Maintaining Momentum on Patient Centricity
A major topic of discussion was on how to continue integrating the patient perspective into biomedical research, product development and regulatory decision-making. All agreed that a bedrock principle of patient centricity is the development of safe and effective medical products. “Policies can help us reinforce the need for patients in these activities,” noted Dwight, who went on to discuss the need for building the science and methodologies for moving from disconnected anecdotes about patient experience into data that accurately reflect the holistic picture.
One avenue for achieving this goal is the maturing field of real-world evidence. While not intended to replace randomized controlled clinical trials, real-world evidence can provide a picture of how a new treatment is working (or if there are any unexpected side effects) in the broader population of people who receive the product during the course of clinical care.
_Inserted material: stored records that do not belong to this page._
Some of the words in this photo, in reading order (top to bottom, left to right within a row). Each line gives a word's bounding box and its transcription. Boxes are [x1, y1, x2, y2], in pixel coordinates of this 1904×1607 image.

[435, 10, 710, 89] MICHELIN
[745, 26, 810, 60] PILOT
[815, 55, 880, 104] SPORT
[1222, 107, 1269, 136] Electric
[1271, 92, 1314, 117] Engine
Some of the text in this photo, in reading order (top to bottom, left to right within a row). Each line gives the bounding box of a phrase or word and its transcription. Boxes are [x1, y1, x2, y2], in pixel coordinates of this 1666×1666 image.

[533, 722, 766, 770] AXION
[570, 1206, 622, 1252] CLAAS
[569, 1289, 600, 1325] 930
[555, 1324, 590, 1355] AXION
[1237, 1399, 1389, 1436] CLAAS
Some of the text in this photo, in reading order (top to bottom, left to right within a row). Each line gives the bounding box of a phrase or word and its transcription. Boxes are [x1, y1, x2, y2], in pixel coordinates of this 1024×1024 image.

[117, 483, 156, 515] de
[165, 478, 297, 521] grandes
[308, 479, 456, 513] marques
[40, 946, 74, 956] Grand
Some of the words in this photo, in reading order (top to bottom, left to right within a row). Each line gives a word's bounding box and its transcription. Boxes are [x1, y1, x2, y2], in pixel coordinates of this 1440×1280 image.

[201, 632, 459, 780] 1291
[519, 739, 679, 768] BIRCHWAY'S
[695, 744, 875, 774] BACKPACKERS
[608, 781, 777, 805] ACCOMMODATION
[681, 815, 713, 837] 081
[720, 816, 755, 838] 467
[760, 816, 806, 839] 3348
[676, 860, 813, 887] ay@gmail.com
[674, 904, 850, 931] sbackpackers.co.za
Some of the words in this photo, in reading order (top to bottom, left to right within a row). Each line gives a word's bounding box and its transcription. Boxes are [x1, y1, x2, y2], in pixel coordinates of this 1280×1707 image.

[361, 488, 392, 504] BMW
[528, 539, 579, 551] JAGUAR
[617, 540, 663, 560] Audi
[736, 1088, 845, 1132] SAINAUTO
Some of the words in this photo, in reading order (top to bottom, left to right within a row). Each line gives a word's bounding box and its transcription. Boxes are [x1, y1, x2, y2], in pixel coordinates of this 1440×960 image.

As part of the 21st Century Cures Act (H.R. 34, section 3022), FDA will initiate a study of how real-world evidence can be used to evaluate new indications for approved products, or satisfy post-approval study requirements. Other policies that promote data sharing and interoperability will also be needed for real-world evidence to reach this potential by connecting data sets across diverse providers, payers, biopharmaceutical companies and researchers.
In addition to regulatory decision-making, patient centricity can also be an important tool for assessing the value of a medical product, and Dwight highlighted how the collection of post-approval real-world evidence has shown very positive outcomes for new CF therapies and has helped to increase access for patients. In a sentiment that all can support, Dwight noted, “We’re not done until everyone can benefit from innovation.” This is a reminder that, while there has been great progress on policies intended to promote biomedical innovation and patient centricity, there is still much work for all of us to do.